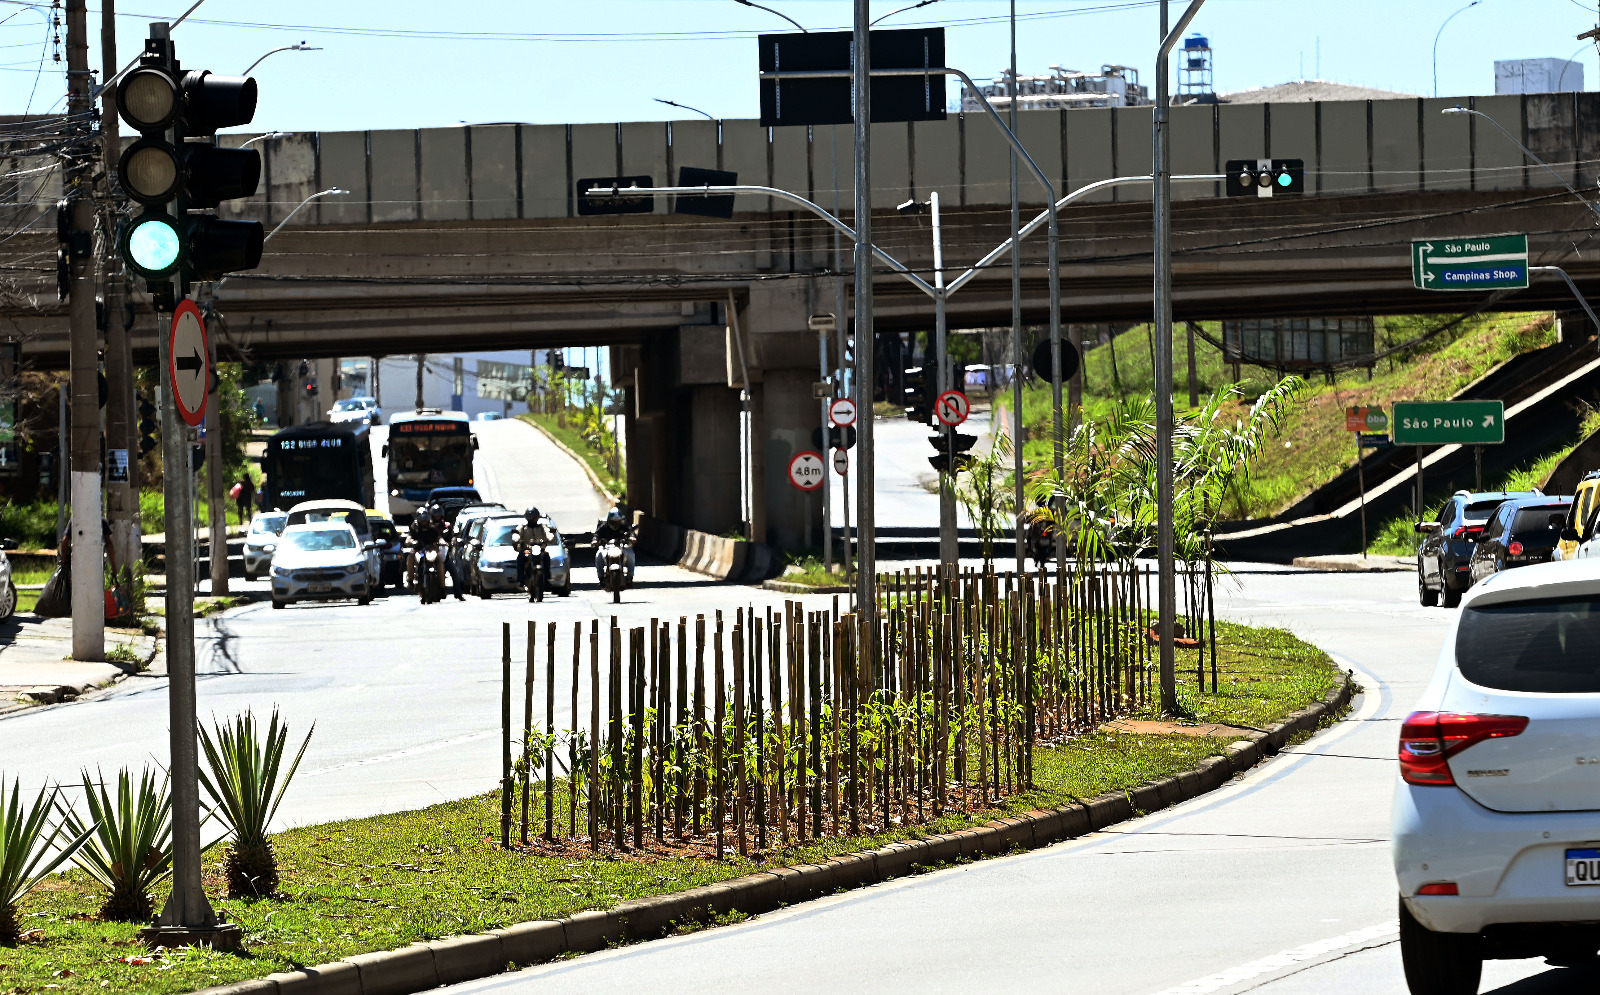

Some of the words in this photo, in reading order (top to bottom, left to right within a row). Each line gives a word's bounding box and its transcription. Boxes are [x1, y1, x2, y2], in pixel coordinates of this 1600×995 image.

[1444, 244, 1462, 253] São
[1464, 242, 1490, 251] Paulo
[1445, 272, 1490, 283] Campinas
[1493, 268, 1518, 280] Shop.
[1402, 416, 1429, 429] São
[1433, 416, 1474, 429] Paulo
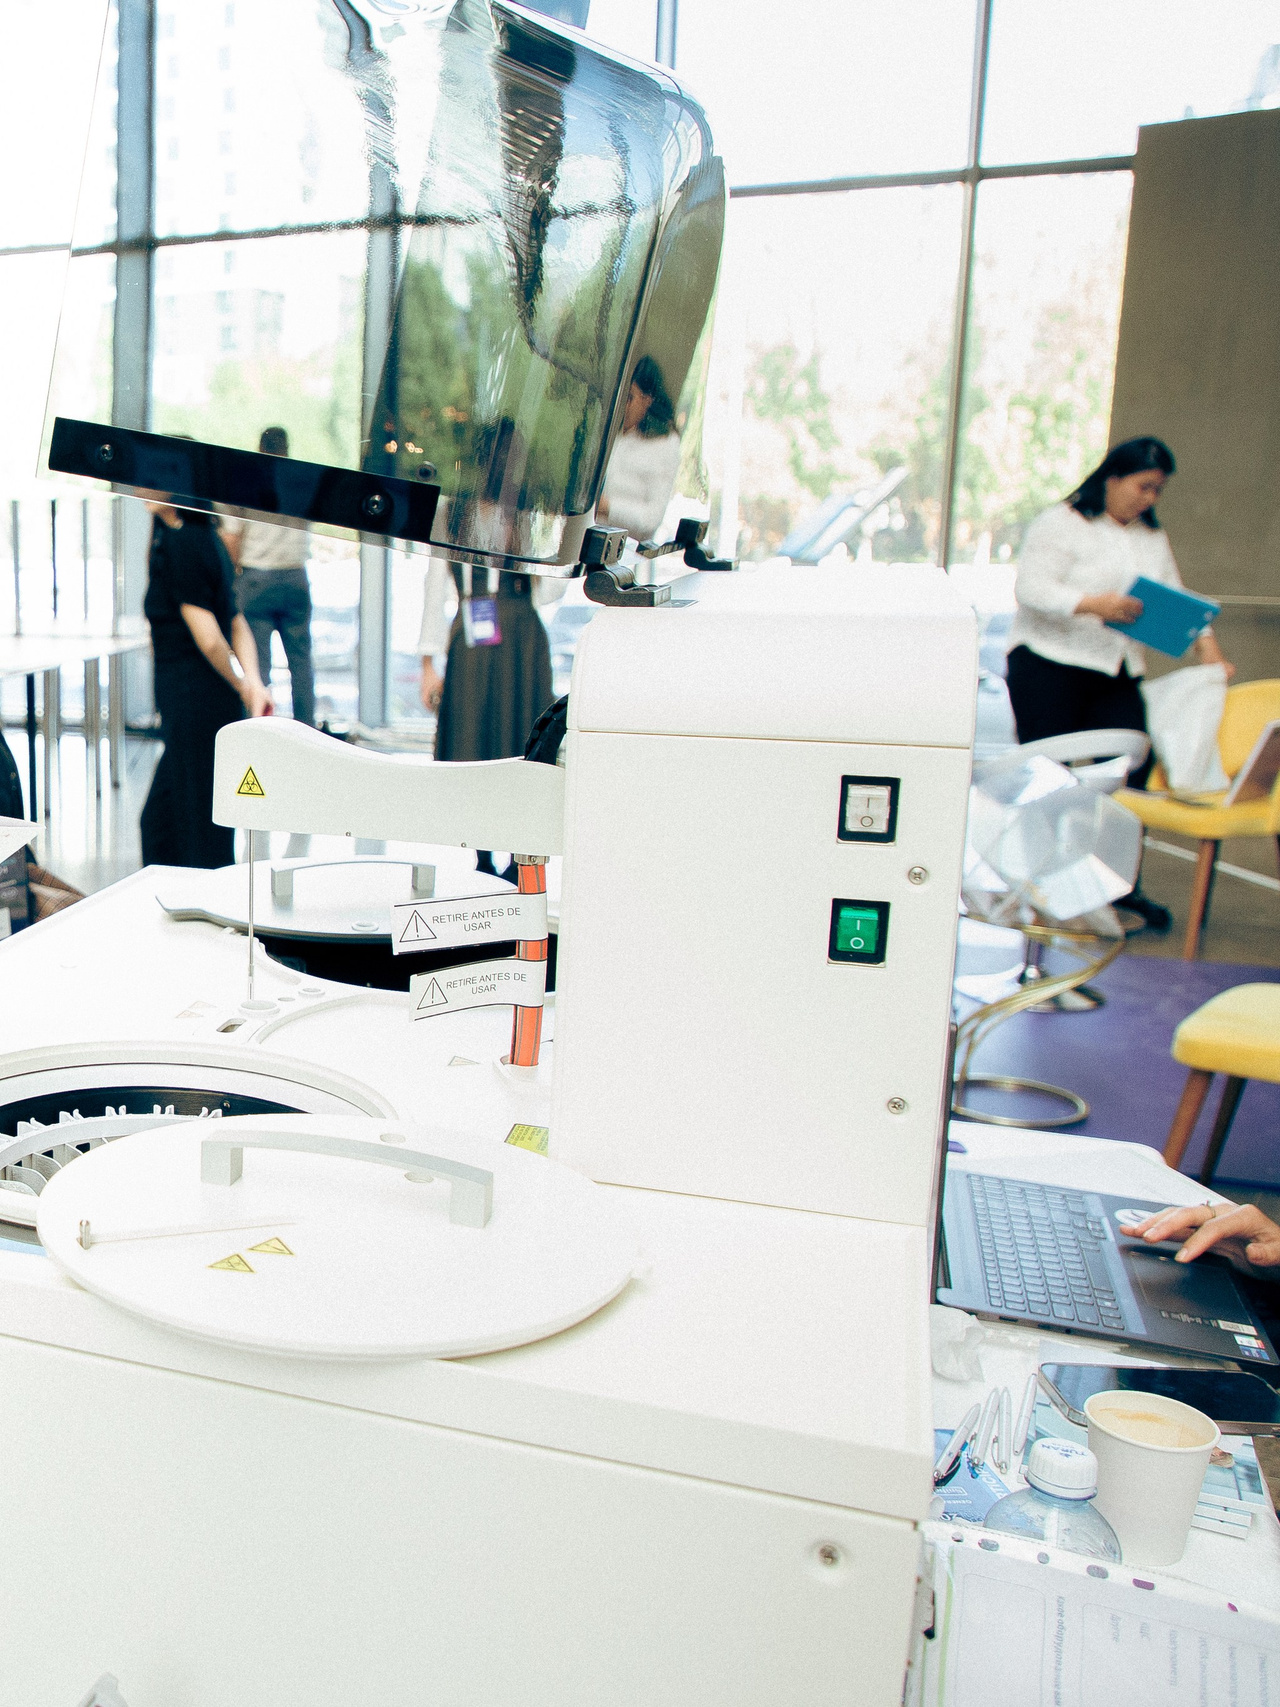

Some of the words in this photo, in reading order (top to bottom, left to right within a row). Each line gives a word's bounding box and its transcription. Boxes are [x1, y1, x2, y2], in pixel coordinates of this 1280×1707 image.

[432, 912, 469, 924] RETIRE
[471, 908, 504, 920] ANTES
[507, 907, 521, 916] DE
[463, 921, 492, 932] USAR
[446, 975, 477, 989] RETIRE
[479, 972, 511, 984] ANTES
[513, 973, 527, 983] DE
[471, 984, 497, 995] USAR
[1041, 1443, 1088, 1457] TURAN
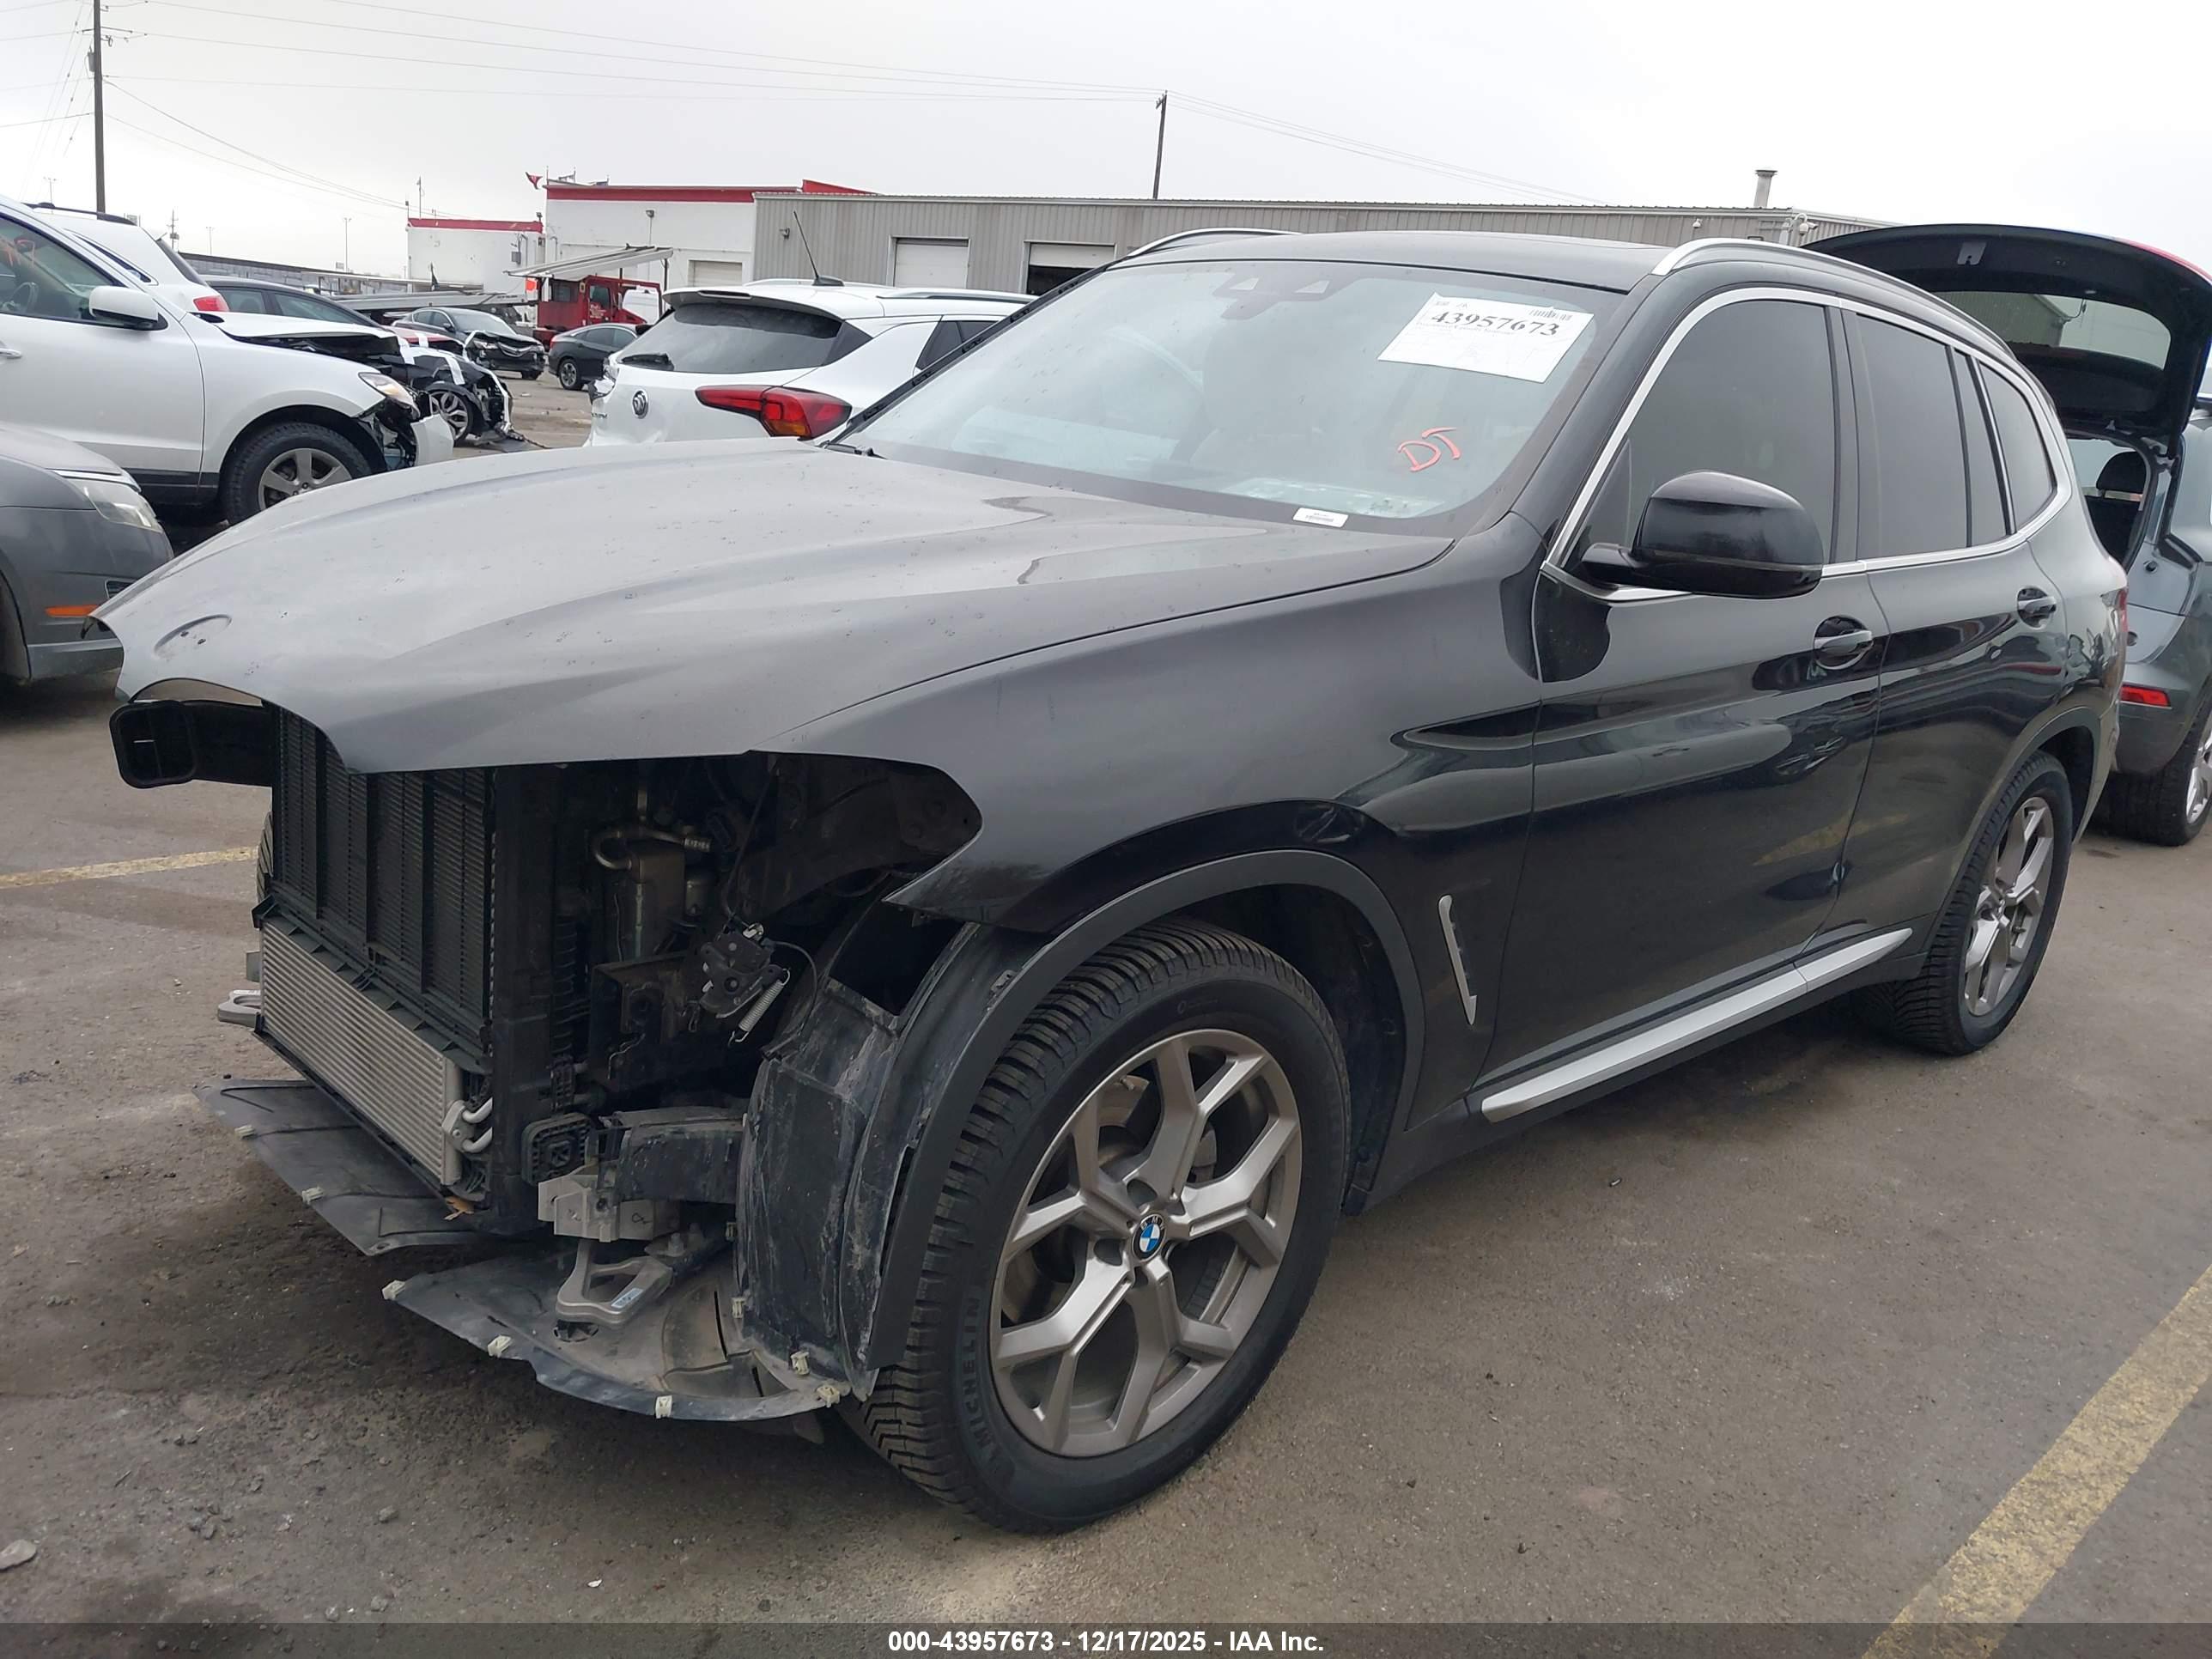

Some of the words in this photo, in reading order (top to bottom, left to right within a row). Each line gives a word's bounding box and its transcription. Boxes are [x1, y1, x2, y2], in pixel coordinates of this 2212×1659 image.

---+---

Work item » Please repeat all of the data exactly, excluding images.

Response for this exercise »
Some of the words in this photo, in reading order (top to bottom, left to right within a row). Each line gives a word's bounding box and its transcription. Boxes are [x1, y1, x2, y2], in pixel coordinates of this 1600×995 image.

[1444, 244, 1462, 253] São
[1464, 242, 1490, 251] Paulo
[1445, 272, 1490, 283] Campinas
[1493, 268, 1518, 280] Shop.
[1402, 416, 1429, 429] São
[1433, 416, 1474, 429] Paulo

Some of the words in this photo, in reading order (top to bottom, left to right within a row). Each line gives a word's bounding box and its transcription. Boxes are [x1, y1, x2, y2], in pixel coordinates of this 1280×1707 image.

[432, 912, 469, 924] RETIRE
[471, 908, 504, 920] ANTES
[507, 907, 521, 916] DE
[463, 921, 492, 932] USAR
[446, 975, 477, 989] RETIRE
[479, 972, 511, 984] ANTES
[513, 973, 527, 983] DE
[471, 984, 497, 995] USAR
[1041, 1443, 1088, 1457] TURAN

Some of the words in this photo, in reading order (top to bottom, left to right within a row). Each line gives a word's bounding box and its transcription. Boxes are [x1, y1, x2, y2], in pixel coordinates of this 2212×1659 image.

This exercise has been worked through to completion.